Sam me llevó a una pequeña casita en Riverside, en una calle llamada Del Sol. El césped crecía rebelde y los arbustos que se encontraban en torno a las paredes se habían vuelto salvajes. Por el diseño de la casa, estaba seguro de que había sido construida por sus primeros habitantes. Con arcos y con muchos niveles, tenía dos pisos a la derecha de la entrada, y sólo uno a la izquierda. Cuando Clarissa abrió la puerta delantera se echó hacia atrás y vi que había otra puerta tras ella. El cristal de aquella puerta dejaba ver un patio trasero con jardín. Era una casa con personalidad. Saqué un cigarrillo para acentuar aún más mi placer ante aquel diseño especial.

– ¿Qué está haciendo aquí? -preguntó ella-. Acaba de llamar Doris, pero me ha dicho que sólo venías tú, Sam.

– No pasa nada -dijo Sam-. Ya sé que me has mentido, pero Easy me lo ha contado todo. Le he traído para que averigüe cosas sobre Brawly, y no le va a hacer daño a nadie, ni a ti tampoco.

Los hombros de Clarissa cayeron y nos llevó hasta el salón, que estaba en la parte de la casa que tenía dos pisos. La habitación había sido ordenada recientemente. Casi podía asegurar que la alfombra, que en tiempos estuvo blanca y limpia, había tenido un montón de manchas y agujeros de cigarrillo, pero lo habían limpiado todo y pasado la aspiradora para que ofreciera el mejor aspecto posible. Los muebles de palo de rosa eran antiguos y estaban bien cuidados, excepto en algunos lugares en que los vasos se habían derramado y se habían colocado encima de las superficies sin posavasos, y los cigarrillos, que luego habían caído al suelo, se habían colocado primero en las esquinas, dejando unas manchas negras en forma de bala alrededor de todo el borde.

Habían limpiado el polvo hasta donde alcanzaba la mano, pero el techo estaba lleno de telarañas y en la parte superior de las cortinas se amontonaba una buena capa de polvo.

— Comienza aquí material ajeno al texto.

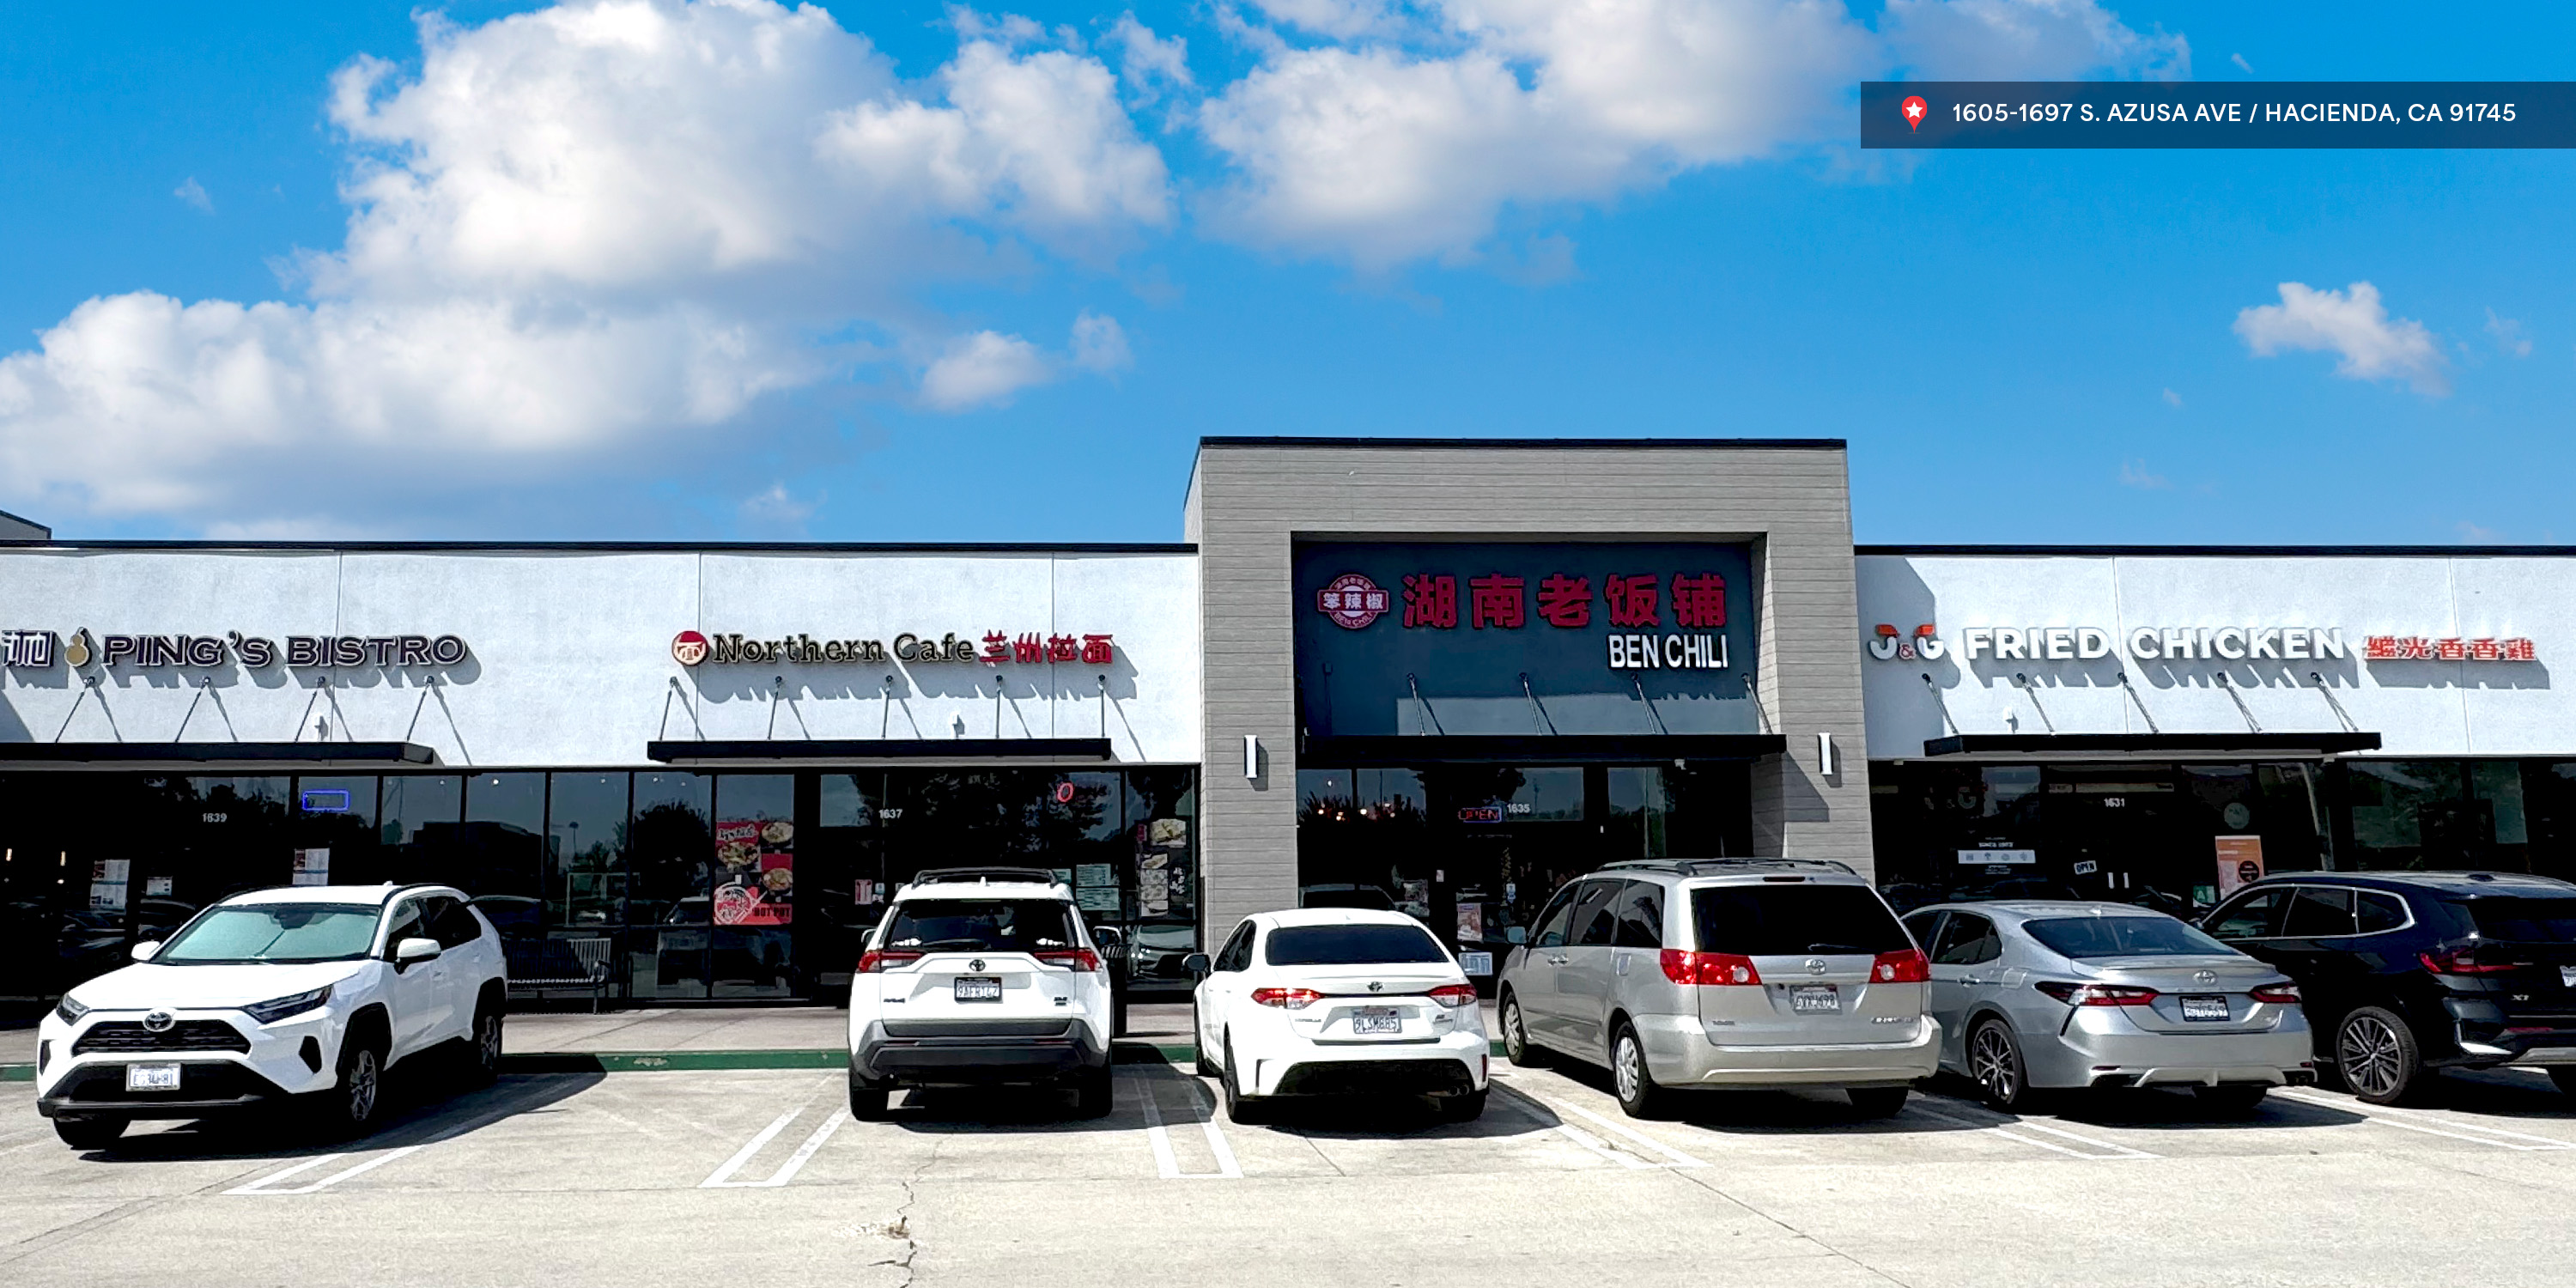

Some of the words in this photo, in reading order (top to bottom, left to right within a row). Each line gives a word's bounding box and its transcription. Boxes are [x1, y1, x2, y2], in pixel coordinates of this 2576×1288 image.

[1403, 573, 1727, 629] 湖南老饭铺
[101, 629, 272, 666] PING'S
[285, 634, 467, 666] BISTRO
[713, 633, 885, 663] Northern
[894, 632, 975, 663] Cafe
[979, 629, 1114, 664] 兰州拉面
[1608, 635, 1660, 668] BEN
[1665, 635, 1728, 668] CHILI
[1964, 627, 2111, 659] FRIED
[2129, 627, 2346, 659] CHICKEN
[202, 812, 228, 824] 1639
[878, 809, 902, 819] 1637
[1506, 803, 1531, 814] 1635
[2104, 798, 2126, 808] 1631
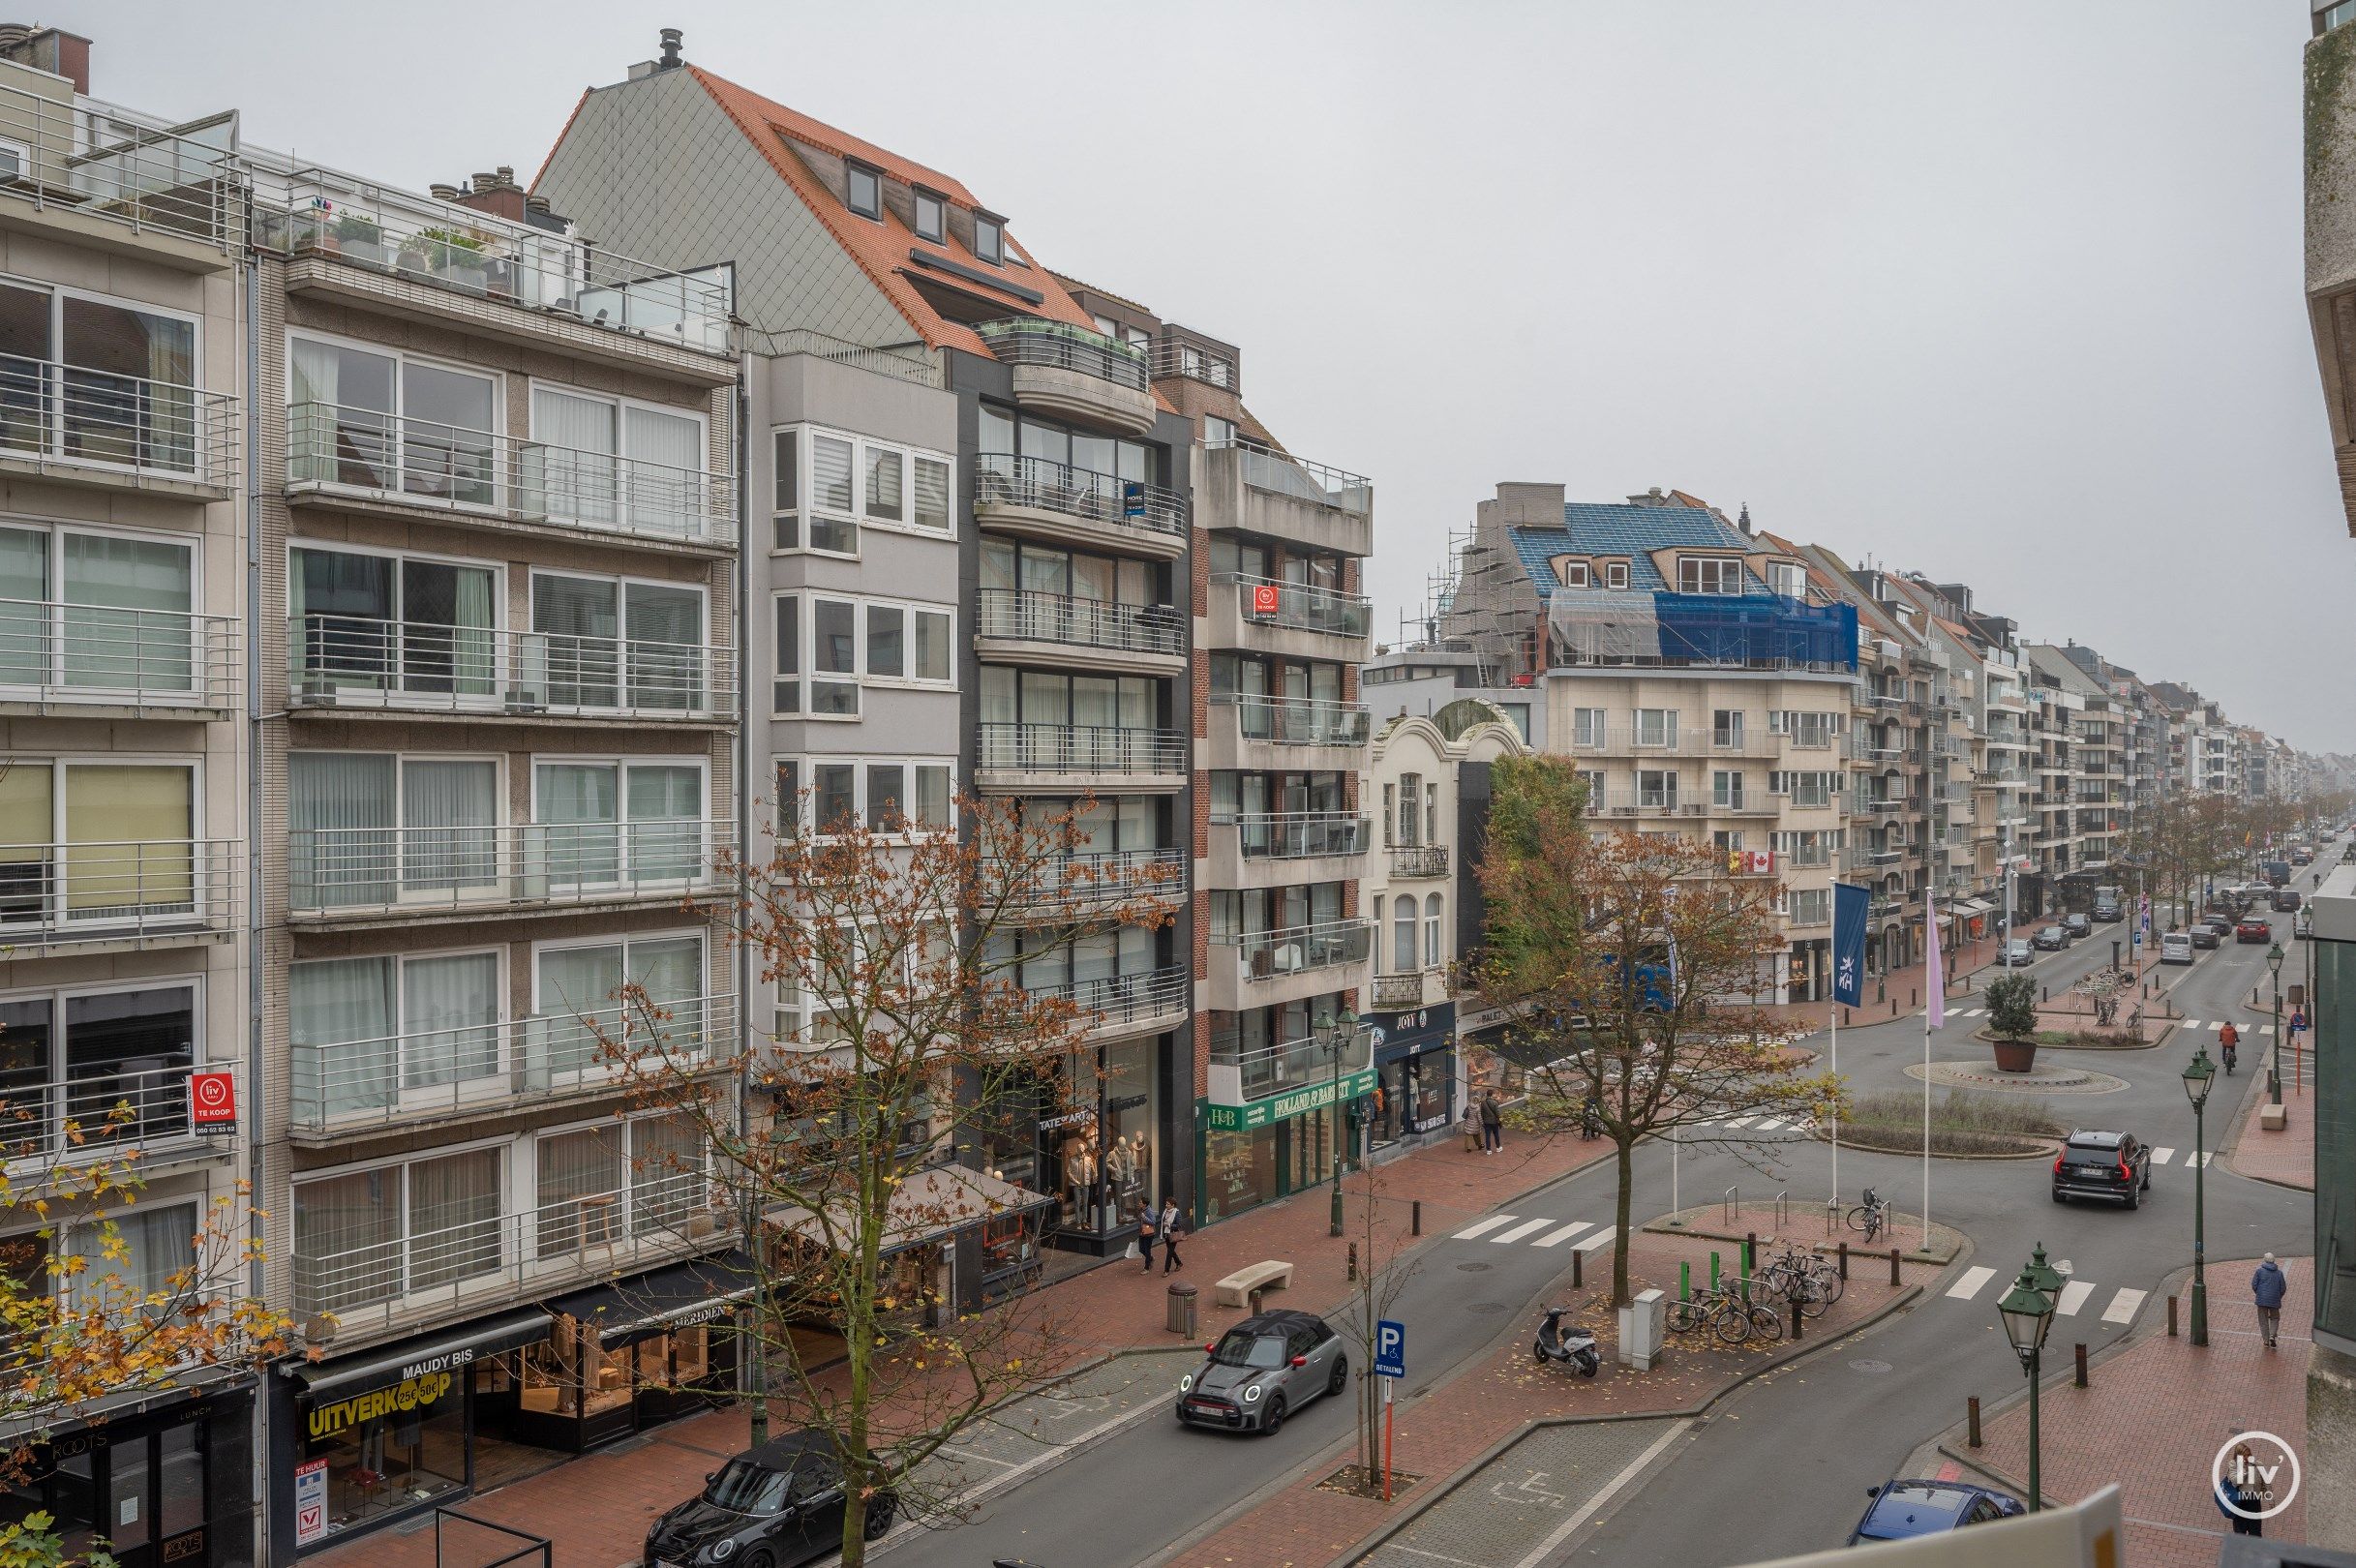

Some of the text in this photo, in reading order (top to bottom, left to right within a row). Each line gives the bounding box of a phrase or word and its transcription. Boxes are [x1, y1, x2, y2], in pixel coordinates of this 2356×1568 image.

Clarissa llevaba unos vaqueros y una camiseta blanca sin sujetador. Era una chica muy guapa. Su piel era oscura y tenía los ojos claros, grandes y translúcidos. Si hubiese tenido que adivinar sus pensamientos, yo habría dicho que esperaba cerrar los ojos y al volver a abrirlos ver que habíamos desaparecido.

– Siéntate, Clare -dijo Sam.

Ella obedeció.

También le habían pasado el aspirador al mullido sofá color tostado y las sillas. La boquilla de succión había dejado unas rayas muy visibles en todas las superficies de tela. Cogí una silla y Sam se sentó junto a su prima en el sofá.

– El señor Rawlins tiene que hacerte algunas preguntas -empezó Sam.

– No quiero hablar con él -dijo ella.

– ¿Por qué no? -La voz de Sam adquirió un tono cortante.